Seven Films I Watched Once, Loved And Yet Will Never, Ever, Watch Again.
Even if you paid me.
David Bowie as Major Celliers in “Merry Christmas Mr Lawrence”
The Set-Up
I’m a big fan of repeat viewings.
I will happily sit through films two or three times in the cinema before eagerly awaiting the release of the Blu-Ray so I can go through it all over again but with subtitles and extras and - most important of all - the facility to pause the action when me and the missus start musing on where we've seen that actor before and wondering, "what did I miss", when one of us laughs uproariously, which is often.

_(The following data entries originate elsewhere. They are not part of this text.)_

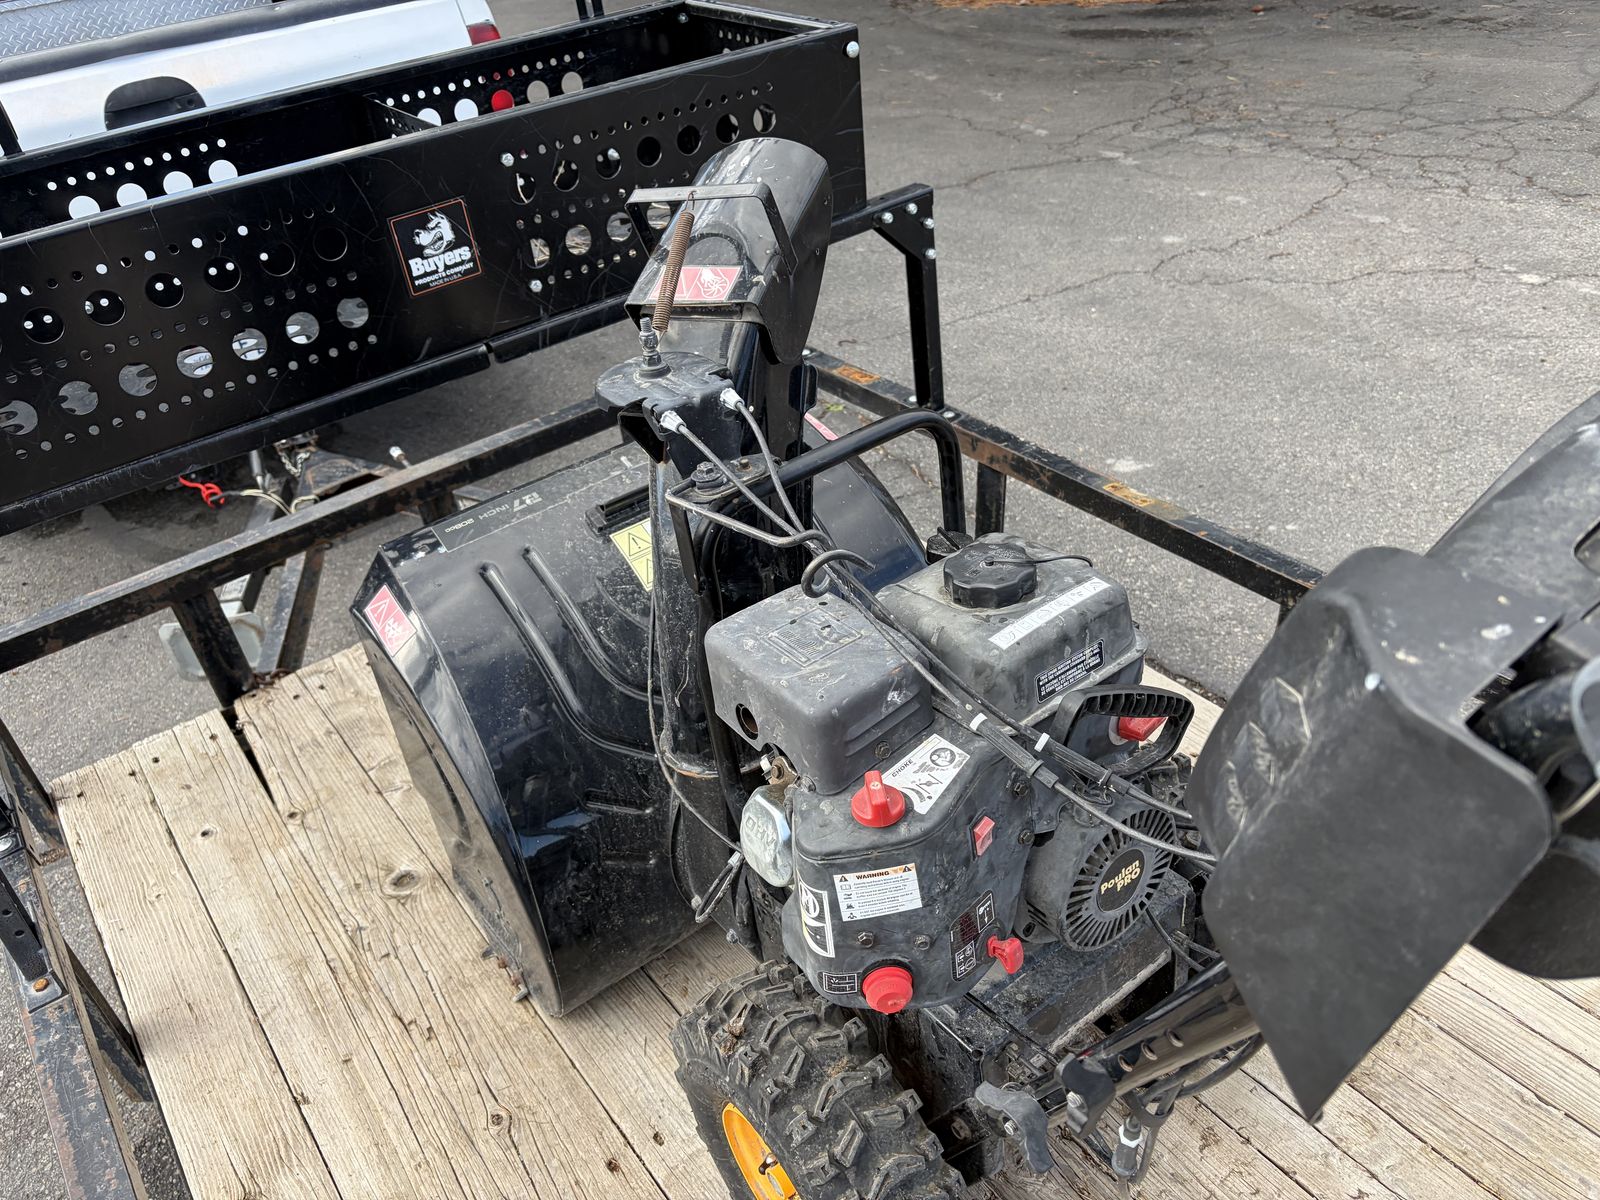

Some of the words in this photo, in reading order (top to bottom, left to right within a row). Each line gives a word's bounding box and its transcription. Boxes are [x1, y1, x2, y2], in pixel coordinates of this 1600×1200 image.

[408, 246, 472, 277] Buyers
[414, 271, 446, 286] PRODUCTS
[446, 262, 474, 275] COMPANY
[478, 503, 510, 520] INCH
[512, 491, 544, 512] 27
[444, 517, 475, 533] 208cc
[891, 758, 914, 778] CHOKE
[855, 870, 890, 881] WARNING
[1116, 867, 1141, 892] PRO
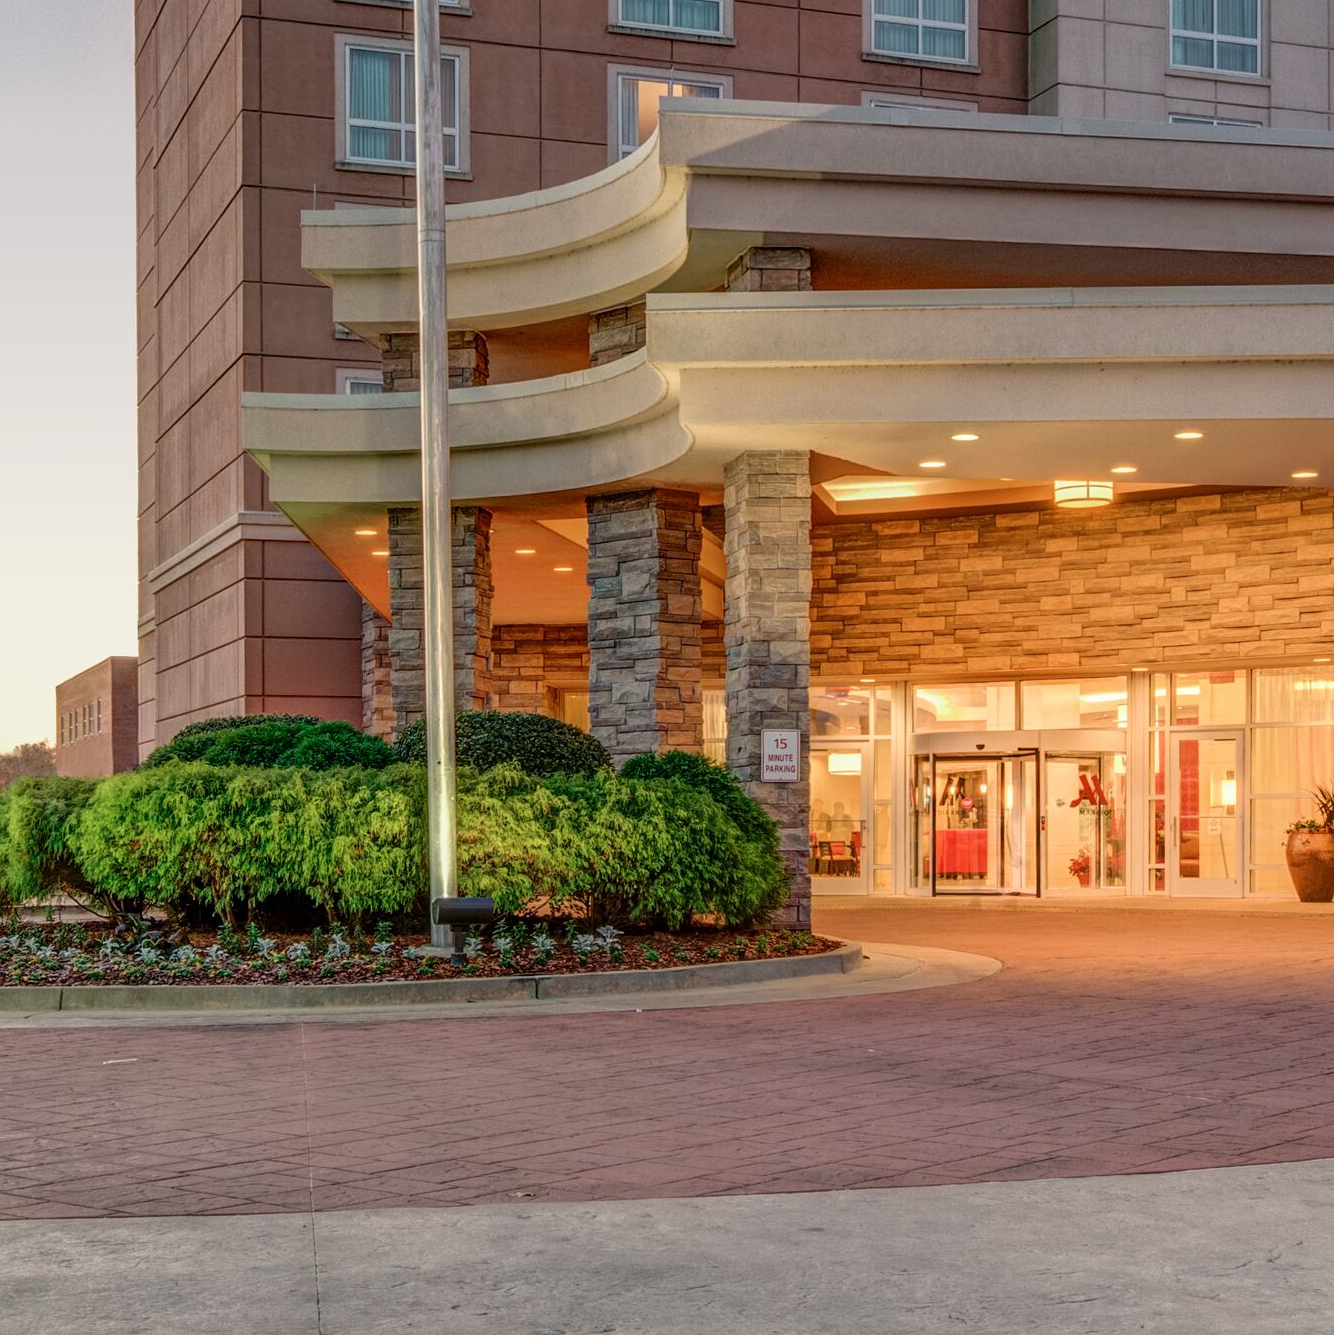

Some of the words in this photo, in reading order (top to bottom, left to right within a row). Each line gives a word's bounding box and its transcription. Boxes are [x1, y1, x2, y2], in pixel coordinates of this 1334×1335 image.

[773, 738, 788, 750] 15
[767, 754, 794, 762] MINUTE
[765, 765, 796, 773] PARKING

There’s the annual Christmas rewatches of My Fair Lady, The Sound Of Music and It’s A Wonderful Life, the more frequent revisits to The Fifth Element, American Graffiti, Notting Hill, Blazing Saddles, and the pleasure of coming across an old favourite while flicking channel.
I’m a big fan of repeat viewings.
This doesn’t apply to everything. There are obviously many films I’ve seen which I will never watch again, generally because I wish I hadn’t watched them in the first place.
But negativity is not what this post, or indeed this substack, is about.
I’m not interested in posting diatribes about films, music, books and comics that I hate.
Life’s too short for that - I’d much rather big up the things I love than trash the things I don’t.
What I’m talking about here are films that I absolutely love to pieces, films where I’ve lived with and cried for the characters. Proper cinematic experiences that have me exhausted, elevated, ecstatic, devastated, disturbed, drained.
Films that I’ve lived in for two hours. Films I’ve come away from deeply affected and even changed in some way. Films that I love.
Great films.
But I will never revisit any of these after their first and only viewing.
The reasons for this vary.
It could be that the film has such horrific themes or such a devastating ending that, while I may WANT to savour the work again, I don’t really want to put myself through that again.
If I were a film-maker, I‘d love to engender such a reaction from my audience.
“I see dead people. I see them all the time” - The Sixth Sense
Or maybe there’s a twist which, once revealed, means the film will never carry the same clout. For example, The Sixth Sense which I’ve seen twice and therefore doesn’t qualify for this list.
A good twist-in-the-tail films like this NEEDS to be seen at least twice. The experience of watching it once you know the outcome is so different enough from watching the first time, it’s almost like watching two different films.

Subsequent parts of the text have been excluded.